Scoping rules for Shiny apps

Where you define objects will determine where the objects are visible. There are three different levels of visibility that you’ll want to be aware of when writing Shiny apps.

December 1, 2017


Where you define objects will determine where the objects are visible. There are three different levels of visibility that you’ll want to be aware of when writing Shiny apps. Some objects are visible within the server code of each user session; other objects are visible in the server code across all sessions (multiple users could use a shared variable); and yet others are visible in the server and the ui code across all user sessions.

This document describes how scoping works within a single R process. One R process can support multiple Shiny sessions. Some hosting platforms (including Posit Connect, Shiny Server Pro, and also allow running multiple R processes to handle heavier traffic. Within each R process, the scoping works as explained below, but between the R processes, no objects are shared. So, for example, if you configure Posit Connect to start a new R process for each connection to your app, no objects will ever be shared between different sessions of the app, since these sessions all belong to different R processes. (To learn more about about this, and how it affects the performance of your apps, see this article.)

Per-session objects

In app.R, the server function takes three arguments: input, output and session.

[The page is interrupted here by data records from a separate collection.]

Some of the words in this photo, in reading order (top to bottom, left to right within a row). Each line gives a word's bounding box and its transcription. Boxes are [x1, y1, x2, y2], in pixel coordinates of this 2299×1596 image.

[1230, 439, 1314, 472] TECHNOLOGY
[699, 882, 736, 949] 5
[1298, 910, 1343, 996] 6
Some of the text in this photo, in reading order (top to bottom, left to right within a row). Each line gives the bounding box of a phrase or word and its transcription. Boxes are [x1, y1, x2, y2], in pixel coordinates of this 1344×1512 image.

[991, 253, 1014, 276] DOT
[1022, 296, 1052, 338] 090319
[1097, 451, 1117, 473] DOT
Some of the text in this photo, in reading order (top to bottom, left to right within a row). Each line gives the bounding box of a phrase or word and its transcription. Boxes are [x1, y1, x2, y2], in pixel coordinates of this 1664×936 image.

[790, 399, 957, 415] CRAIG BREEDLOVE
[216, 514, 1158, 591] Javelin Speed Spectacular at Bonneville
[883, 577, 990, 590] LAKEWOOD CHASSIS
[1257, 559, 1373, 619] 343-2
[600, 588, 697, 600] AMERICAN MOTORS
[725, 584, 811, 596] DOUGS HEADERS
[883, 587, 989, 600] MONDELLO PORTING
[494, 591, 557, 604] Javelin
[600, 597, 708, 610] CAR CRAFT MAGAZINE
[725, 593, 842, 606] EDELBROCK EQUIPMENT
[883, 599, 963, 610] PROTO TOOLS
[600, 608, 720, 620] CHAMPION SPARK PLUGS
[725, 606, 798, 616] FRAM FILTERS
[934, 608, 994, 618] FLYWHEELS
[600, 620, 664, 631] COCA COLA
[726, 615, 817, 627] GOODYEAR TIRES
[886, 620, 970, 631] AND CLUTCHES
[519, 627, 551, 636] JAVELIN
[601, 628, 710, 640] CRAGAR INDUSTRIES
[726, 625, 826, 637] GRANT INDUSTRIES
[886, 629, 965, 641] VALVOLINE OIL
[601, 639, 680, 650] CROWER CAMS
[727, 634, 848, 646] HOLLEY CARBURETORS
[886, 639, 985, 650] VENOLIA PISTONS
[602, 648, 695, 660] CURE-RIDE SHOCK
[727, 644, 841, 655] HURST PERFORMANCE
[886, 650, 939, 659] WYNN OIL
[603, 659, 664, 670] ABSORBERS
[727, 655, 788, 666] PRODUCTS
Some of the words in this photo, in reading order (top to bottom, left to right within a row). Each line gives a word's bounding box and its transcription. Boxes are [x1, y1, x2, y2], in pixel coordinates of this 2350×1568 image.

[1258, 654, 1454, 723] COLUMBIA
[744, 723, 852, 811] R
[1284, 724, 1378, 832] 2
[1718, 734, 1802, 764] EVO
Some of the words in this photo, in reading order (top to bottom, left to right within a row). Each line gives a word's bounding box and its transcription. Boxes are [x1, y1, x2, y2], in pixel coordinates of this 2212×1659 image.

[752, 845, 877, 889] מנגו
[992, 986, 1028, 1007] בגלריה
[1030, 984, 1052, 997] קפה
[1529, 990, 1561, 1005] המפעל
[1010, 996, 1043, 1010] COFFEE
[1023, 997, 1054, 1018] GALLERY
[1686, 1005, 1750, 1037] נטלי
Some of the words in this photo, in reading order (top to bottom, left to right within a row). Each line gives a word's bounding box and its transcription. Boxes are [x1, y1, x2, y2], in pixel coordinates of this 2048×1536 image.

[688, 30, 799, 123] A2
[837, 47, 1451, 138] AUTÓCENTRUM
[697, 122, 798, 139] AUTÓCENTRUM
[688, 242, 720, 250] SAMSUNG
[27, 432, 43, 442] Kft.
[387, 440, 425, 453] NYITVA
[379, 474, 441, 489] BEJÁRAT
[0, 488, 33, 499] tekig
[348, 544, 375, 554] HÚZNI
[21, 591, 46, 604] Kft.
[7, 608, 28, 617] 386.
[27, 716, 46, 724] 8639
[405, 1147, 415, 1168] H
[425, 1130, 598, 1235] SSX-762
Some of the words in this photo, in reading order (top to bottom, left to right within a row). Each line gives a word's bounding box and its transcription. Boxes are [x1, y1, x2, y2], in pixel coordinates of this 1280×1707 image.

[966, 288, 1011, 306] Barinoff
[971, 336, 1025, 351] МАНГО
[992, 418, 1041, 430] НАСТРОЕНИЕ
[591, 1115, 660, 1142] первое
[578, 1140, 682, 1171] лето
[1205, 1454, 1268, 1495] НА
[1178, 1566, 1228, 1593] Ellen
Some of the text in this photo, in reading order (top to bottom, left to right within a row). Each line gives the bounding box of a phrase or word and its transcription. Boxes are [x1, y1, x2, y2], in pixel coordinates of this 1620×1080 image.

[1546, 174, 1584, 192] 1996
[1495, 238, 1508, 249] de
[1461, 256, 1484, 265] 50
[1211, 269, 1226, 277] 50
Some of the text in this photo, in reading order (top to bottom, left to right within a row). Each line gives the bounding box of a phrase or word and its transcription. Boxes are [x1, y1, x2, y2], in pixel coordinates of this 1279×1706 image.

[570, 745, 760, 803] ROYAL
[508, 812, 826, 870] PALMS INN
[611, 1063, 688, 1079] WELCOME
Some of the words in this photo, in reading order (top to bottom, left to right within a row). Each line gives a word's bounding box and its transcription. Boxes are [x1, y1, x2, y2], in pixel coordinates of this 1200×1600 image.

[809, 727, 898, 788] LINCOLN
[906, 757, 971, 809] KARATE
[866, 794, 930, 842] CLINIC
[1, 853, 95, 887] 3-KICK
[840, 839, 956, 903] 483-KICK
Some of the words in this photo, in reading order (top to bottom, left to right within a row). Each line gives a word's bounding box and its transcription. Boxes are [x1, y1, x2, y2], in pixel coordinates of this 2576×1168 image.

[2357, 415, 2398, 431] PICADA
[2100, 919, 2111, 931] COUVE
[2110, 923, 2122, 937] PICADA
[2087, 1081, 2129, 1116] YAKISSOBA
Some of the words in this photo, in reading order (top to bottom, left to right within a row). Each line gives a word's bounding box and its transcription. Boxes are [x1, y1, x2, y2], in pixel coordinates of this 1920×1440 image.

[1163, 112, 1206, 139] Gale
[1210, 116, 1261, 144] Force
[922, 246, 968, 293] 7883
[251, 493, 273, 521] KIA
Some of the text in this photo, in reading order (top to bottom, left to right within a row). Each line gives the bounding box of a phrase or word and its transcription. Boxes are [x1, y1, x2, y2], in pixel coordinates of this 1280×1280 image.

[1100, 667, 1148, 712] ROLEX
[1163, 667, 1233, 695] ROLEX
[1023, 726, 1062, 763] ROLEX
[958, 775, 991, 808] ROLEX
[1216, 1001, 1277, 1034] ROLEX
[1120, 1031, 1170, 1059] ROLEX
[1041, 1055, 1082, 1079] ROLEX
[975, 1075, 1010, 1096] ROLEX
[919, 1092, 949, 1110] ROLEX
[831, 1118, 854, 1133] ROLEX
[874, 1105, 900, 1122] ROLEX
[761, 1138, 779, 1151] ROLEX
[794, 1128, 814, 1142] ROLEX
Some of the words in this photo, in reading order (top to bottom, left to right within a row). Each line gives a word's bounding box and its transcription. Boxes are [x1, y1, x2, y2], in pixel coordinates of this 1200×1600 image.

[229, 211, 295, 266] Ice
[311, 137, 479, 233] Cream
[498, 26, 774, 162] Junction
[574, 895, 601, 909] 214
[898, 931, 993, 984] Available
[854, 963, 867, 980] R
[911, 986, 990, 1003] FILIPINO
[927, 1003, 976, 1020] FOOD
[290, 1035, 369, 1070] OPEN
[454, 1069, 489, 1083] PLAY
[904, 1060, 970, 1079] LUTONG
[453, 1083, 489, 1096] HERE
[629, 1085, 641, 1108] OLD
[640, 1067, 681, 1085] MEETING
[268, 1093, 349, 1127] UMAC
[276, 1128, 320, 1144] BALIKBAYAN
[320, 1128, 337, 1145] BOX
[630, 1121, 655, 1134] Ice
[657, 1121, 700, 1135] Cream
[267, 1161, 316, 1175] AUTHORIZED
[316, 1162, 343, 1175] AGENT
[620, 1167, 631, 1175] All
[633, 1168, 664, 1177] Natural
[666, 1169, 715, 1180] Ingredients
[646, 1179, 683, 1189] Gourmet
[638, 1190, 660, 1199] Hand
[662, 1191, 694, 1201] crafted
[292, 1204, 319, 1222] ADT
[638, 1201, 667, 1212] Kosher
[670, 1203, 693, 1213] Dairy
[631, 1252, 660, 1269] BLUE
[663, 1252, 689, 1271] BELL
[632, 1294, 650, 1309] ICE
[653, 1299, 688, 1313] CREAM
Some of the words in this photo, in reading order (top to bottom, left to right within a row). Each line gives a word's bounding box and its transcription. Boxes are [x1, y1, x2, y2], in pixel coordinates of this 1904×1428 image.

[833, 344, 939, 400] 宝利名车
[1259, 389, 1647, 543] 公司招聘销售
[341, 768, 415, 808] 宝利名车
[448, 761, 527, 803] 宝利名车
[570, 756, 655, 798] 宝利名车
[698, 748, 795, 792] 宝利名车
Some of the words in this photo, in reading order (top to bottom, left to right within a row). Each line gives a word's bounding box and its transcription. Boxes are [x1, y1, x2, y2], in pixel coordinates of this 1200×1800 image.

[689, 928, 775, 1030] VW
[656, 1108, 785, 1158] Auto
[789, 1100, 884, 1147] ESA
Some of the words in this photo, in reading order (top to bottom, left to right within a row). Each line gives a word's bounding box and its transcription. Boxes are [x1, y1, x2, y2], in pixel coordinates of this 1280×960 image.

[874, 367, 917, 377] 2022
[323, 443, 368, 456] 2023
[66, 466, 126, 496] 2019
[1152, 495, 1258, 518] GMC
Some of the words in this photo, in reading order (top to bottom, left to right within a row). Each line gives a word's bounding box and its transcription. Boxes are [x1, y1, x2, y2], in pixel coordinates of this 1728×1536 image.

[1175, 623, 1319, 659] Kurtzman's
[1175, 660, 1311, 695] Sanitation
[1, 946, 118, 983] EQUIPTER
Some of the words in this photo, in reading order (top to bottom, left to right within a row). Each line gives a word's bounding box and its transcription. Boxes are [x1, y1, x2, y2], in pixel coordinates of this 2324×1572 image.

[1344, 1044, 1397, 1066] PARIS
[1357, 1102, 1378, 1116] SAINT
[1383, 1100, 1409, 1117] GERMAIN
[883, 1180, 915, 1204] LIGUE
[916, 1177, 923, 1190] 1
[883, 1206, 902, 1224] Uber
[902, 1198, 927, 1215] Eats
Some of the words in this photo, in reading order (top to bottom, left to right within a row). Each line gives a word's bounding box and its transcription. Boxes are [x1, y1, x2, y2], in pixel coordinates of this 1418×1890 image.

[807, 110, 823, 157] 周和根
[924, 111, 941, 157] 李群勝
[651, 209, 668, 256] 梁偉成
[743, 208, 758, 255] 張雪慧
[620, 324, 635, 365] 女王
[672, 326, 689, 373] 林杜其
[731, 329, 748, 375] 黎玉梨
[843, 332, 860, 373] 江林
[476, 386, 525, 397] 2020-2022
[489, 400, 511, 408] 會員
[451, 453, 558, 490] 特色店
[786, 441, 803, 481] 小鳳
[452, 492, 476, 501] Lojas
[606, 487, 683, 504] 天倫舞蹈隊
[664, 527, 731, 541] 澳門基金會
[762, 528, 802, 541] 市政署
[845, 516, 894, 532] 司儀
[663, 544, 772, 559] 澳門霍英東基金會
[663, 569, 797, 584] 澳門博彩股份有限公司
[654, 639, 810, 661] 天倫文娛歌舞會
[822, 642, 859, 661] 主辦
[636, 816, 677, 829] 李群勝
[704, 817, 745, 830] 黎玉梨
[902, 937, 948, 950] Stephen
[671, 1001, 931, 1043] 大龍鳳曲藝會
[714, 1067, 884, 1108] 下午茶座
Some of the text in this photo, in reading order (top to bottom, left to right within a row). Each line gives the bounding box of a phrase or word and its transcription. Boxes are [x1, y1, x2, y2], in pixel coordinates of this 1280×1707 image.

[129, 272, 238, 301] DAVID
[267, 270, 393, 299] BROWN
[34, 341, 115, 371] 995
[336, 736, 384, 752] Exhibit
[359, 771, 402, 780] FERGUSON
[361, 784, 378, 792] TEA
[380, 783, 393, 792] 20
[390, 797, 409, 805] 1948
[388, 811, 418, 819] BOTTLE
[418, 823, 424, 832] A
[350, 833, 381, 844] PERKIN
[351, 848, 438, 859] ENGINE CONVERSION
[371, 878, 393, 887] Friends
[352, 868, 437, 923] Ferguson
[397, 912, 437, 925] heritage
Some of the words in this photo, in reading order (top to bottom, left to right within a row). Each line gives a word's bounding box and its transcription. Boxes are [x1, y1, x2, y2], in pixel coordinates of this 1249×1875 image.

server <- function(input, output, session) {
  # Server code here
  # ...

The function is called once for each session. In other words, the server function is called each time a web browser is pointed to the Shiny application.

Everything within this function is instantiated separately for each session. This includes the input, output and session objects that are passed to it: each session has its own input, output and session objects, visible within this function.

Other objects inside the function, such as variables and functions, are also instantiated for each session. In this example, each session will have its own variable named startTime, which records the start time for the session:

server <- function(input, output, session) {
  startTime <- Sys.time()

  # ...

Objects visible across all sessions

You might want some objects to be visible across all sessions. For example, if you have large data structures, or if you have utility functions that are not reactive (ones that don’t involve the input or output objects), then you can create these objects once and share them across all user sessions (within the same R process), by placing them in app.R, but outside of the server function definition.

For example:

# A read-only data set that will load once, when Shiny starts, and will be
# available to each user session
bigDataSet <- read.csv("bigdata.csv")

# A non-reactive function that will be available to each user session
utilityFunction <- function(x) {
  # Function code here
  # ...

server <- function(input, output, session) {
  # Server code here
  # ...

You could put bigDataSet and utilityFunction inside the server function, but doing so will be less efficient, because they will be created each time a user connects.

If the objects change, then the changed objects will be visible in every user session. But note that you would need to use the <<- assignment operator to change bigDataSet, because the <- operator only assigns values in the local environment.

varA <- 1
varB <- 1
listA <- list(X = 1, Y = 2)
listB <- list(X = 1, Y = 2)

server <- function(input, output, session) {
  # Create a local variable varA, which will be a copy of the shared variable
  # varA plus 1. This local copy of varA is not be visible in other sessions.
  varA <- varA + 1

  # Modify the shared variable varB. It will be visible in other sessions.
  varB <<- varB + 1

  # Makes a local copy of listA
  listA$X <- 5

  # Modify the shared copy of listB
  listB$X <<- 5

  # ...

Things work this way because app.R is sourced when you start your Shiny app. Everything in this script is run immediately. However, your server function is only actually called when a web browser connects and a new session is started

Global objects

Objects defined in global.R are similar to those defined in app.R outside of the server function definition, with one important difference: they are loaded into the global environment of the R session; all R code in a Shiny app is run in the global environment or a child of it.

In practice, there aren’t many times where it’s necessary to share variables between server and ui. The code in ui is run once, when the Shiny app is started and it generates an HTML file which is cached and sent to each web browser that connects. This may be useful for setting some shared configuration options.

Scope for included R files

If you want to split the server or ui code into multiple files, you can use source(local = TRUE) to load each file. You can think of this as putting the code in-line, so the code from the sourced files will receive the same scope as if you copied and pasted the text right there.

This example app.R file shows how sourced files will be scoped:

# Objects in this file are shared across all sessions in the same R process
source('all_sessions.R', local = TRUE)

server <- function(input, output, session) {
  # Objects in this file are defined in each session
  source('each_session.R', local = TRUE)

  output$text <- renderText({
    # Objects in this file are defined each time this function is called
    source('each_call.R', local = TRUE)

    # ...

If you use the default value of local = FALSE, then the file will be sourced in the global environment.